La dernière modification de la fameuse loi est intervenue en 2005, mais selon la sénatrice Claudette Tardif, présidente du comité sénatorial, il est temps de réfléchir à sa pertinence actuelle.

« Les derniers changements majeurs datent de 1988 et la Loi ne répond plus à la réalité d’aujourd’hui. Nous allons donc consulter les Canadiens et faire des recommandations au gouvernement sur ce qui pourrait être amélioré. »

La sénatrice franco-manitobaine, Raymonde Gagné, juge l’exercice nécessaire sans toutefois se faire d’illusions.

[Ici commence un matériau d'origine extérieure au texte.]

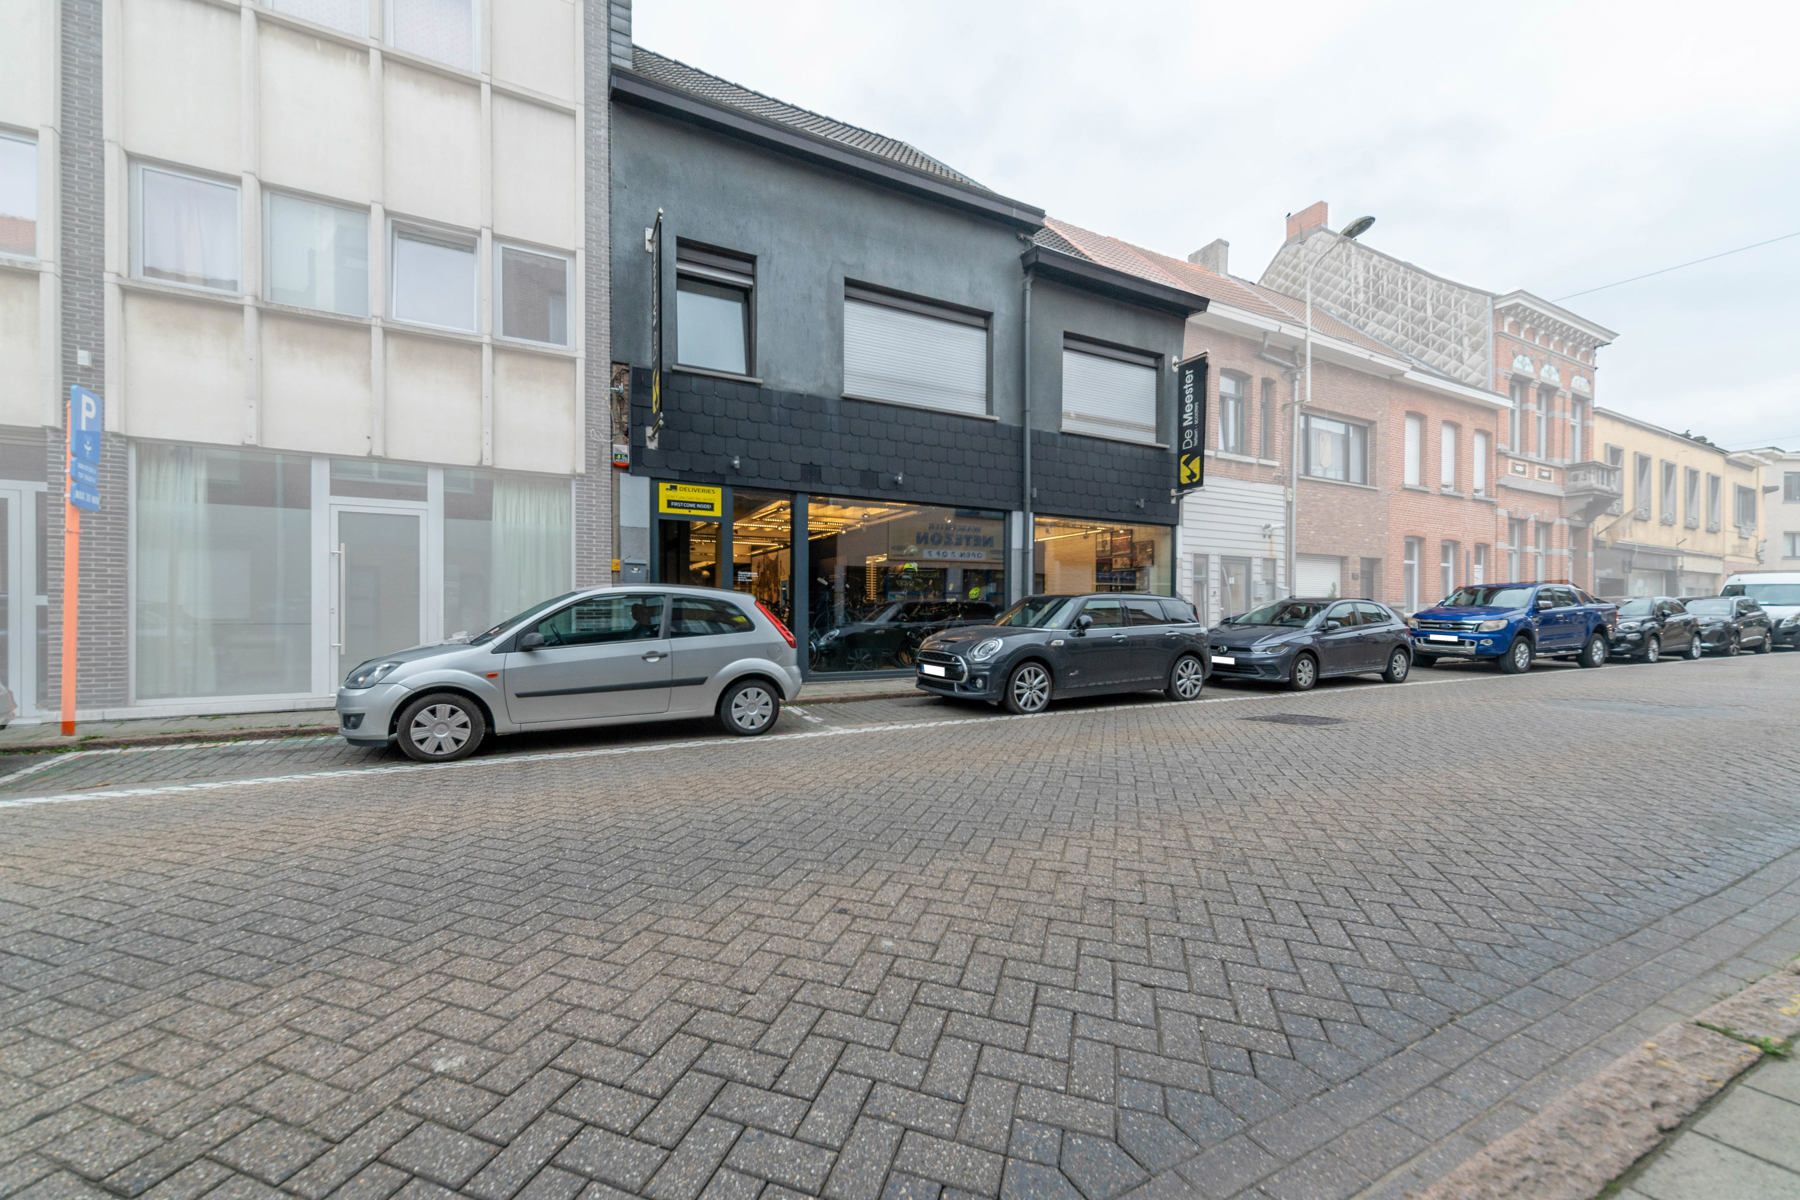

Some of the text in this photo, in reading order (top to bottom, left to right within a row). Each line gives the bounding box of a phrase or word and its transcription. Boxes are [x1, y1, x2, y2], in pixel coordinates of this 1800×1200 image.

[81, 394, 96, 432] P
[1182, 369, 1194, 450] De Meester
[678, 486, 716, 495] DELIVERIES
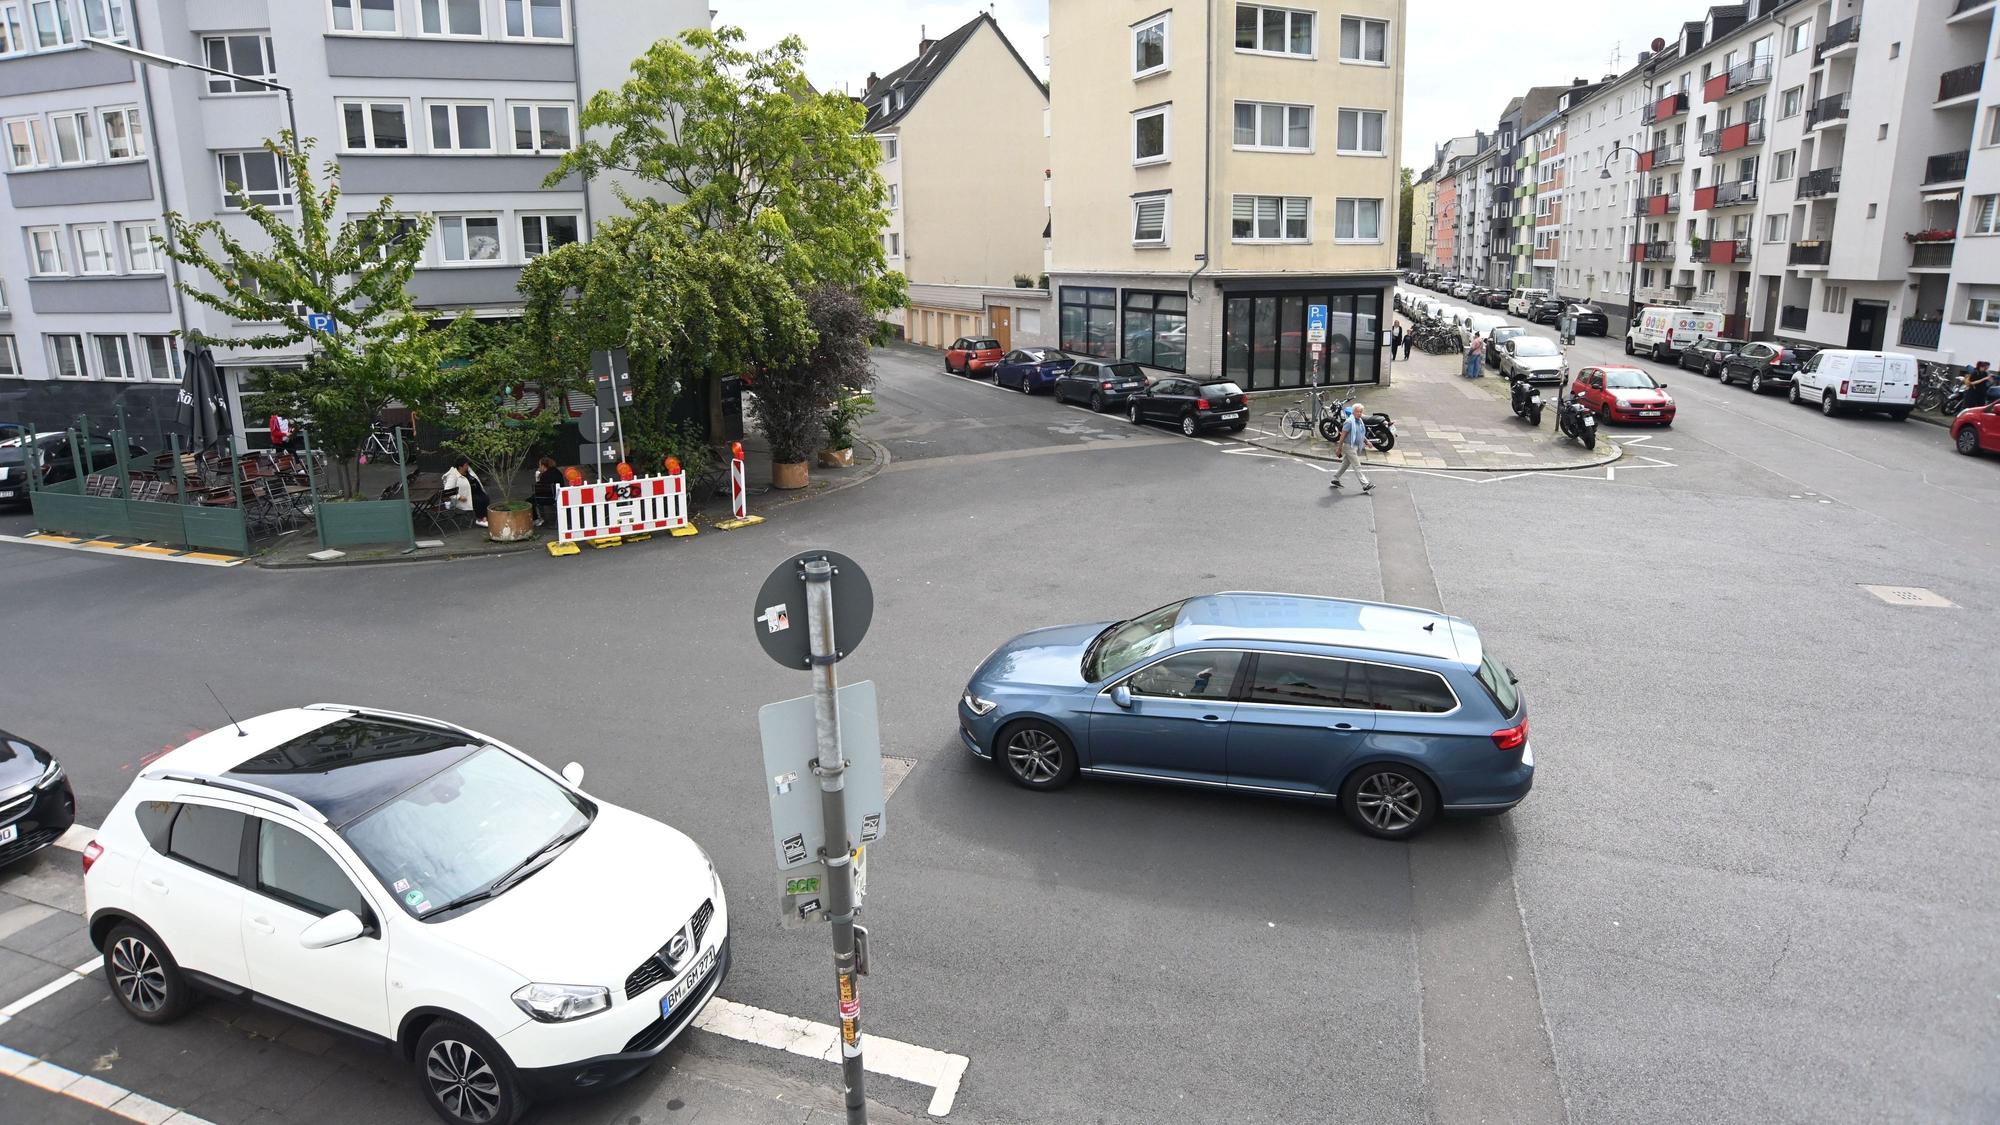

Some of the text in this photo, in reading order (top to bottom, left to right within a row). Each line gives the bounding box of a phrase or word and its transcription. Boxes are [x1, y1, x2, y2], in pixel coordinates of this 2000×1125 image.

[1311, 306, 1319, 318] P
[314, 316, 328, 331] P
[668, 951, 714, 1008] BM GM 271

« Il va toujours falloir se battre, on le sait, mais une modification peut nous permettre de tenir compte des changements sociodémographiques. Les nouveaux arrivants francophiles ou qui veulent apprendre le français, même s’ils n’ont pas le français comme langue maternelle, doivent être reconnus. »

Le comité prévoit se déplacer à travers le Canada pour interroger les jeunes, les aînés, les communautés minoritaires, le monde de la santé et de la justice, les institutions fédérales et les responsables de de la mise en œuvre de la LLO au cours des deux prochaines années. Le rapport final devrait être prêt au plus tard le 30 juin 2019 et ses recommandations remises à la ministre du Patrimoine canadien, Mélanie Joly.

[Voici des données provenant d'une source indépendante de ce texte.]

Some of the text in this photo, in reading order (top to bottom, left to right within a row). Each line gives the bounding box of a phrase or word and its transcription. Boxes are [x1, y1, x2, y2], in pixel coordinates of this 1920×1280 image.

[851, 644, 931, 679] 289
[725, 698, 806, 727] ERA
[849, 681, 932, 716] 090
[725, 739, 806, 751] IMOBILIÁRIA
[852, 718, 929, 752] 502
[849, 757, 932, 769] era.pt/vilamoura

« Nous pensons qu’il est important d’interroger les jeunes pour voir ce qu’ils pensent des langues officielles, quelles sont leurs motivation à devenir bilingues », juge Mme Tardif.

Elle reconnaît que la maîtrise des deux langues officielles reste assez faible chez les anglophones à l’extérieur du Québec, avec seulement 7,4 % en 2011.

« Mais il y a un engouement chez les jeunes », assure-t-elle, citant la croissance de la demande pour des programmes d’immersion en français à l’extérieur du Québec. « Nous voulons trouver des moyens d’augmenter le bilinguisme au pays, peut-être en revoyant les règles d’accessibilité à l’école de langue française ou en augmentant le financement des programmes d’immersion? »

Faire connaître la Loi

La sénatrice franco-albertaine assure que cette étude ne fera pas doublon avec celle qui sera menée par le gouvernement fédéral pour moderniser les règles qui déterminent où il doit offrir des services bilingues à travers le Canada.

« Ce sont plutôt des travaux complémentaires car pour notre part, nous allons observer toute la Loi car il y a d’autres modifications à faire. »

Mme Tardif croit que, 50 ans plus tard, la LLO reste méconnue et sujette à beaucoup de mythes.

« Il y a besoin d’un leadership dans le domaine des langues officielles. Peut-être que ça prendrait un sous-ministre responsable du dossier? Actuellement, tout le monde travaille en silo. »

Le sénateur acadien René Cormier espère que l’étude permettra de défaire certaines perceptions.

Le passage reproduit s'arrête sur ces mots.